- _Task instructions_:
Copy the data exactly. Images are the one exception.

- _Stored items_:
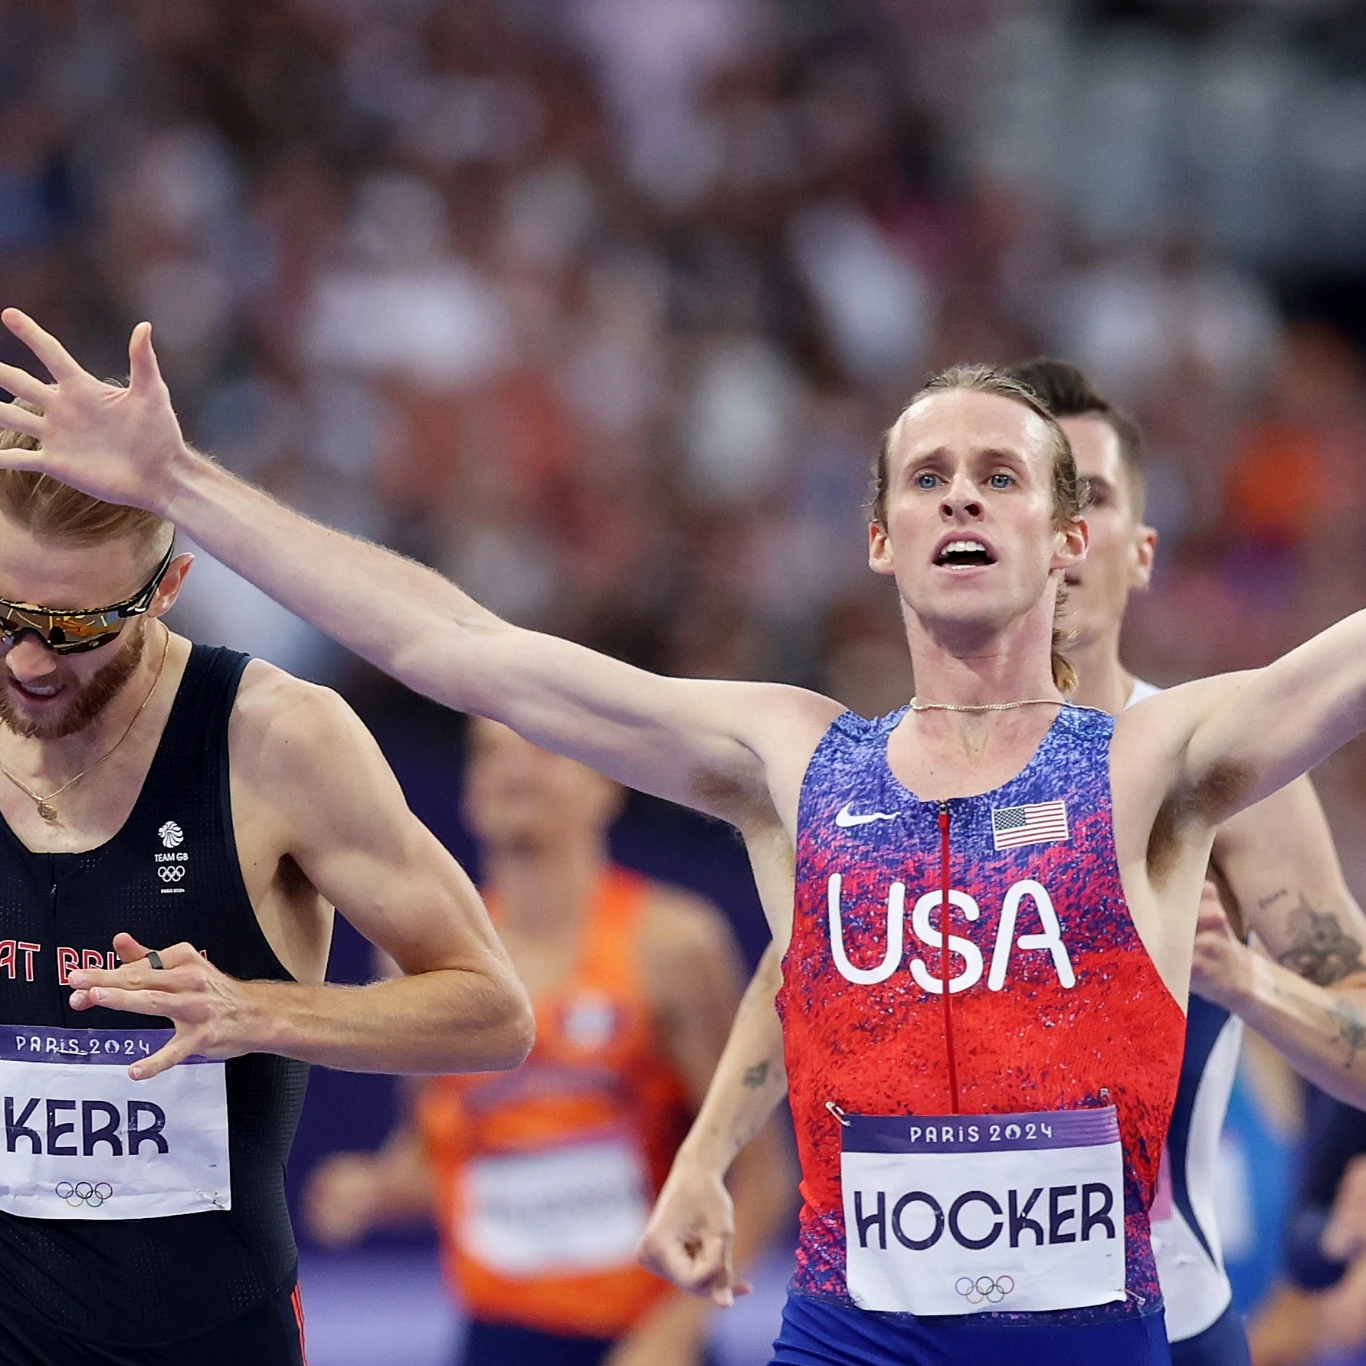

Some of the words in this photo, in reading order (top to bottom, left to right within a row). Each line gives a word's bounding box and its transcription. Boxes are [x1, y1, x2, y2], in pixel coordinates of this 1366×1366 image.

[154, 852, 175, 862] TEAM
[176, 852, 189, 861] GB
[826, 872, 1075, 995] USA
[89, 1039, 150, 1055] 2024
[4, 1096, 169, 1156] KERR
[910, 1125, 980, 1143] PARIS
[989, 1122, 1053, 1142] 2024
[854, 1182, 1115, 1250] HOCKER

- _Response to this exercise_:
Some of the words in this photo, in reading order (top to bottom, left to right within a row). Each line gives a word's bounding box and its transcription. Boxes are [x1, y1, x2, y2], in pixel coordinates of this 1366×1366 image.

[154, 852, 175, 862] TEAM
[176, 852, 189, 861] GB
[826, 872, 1075, 995] USA
[89, 1039, 150, 1055] 2024
[4, 1096, 169, 1156] KERR
[910, 1125, 980, 1143] PARIS
[989, 1122, 1053, 1142] 2024
[854, 1182, 1115, 1250] HOCKER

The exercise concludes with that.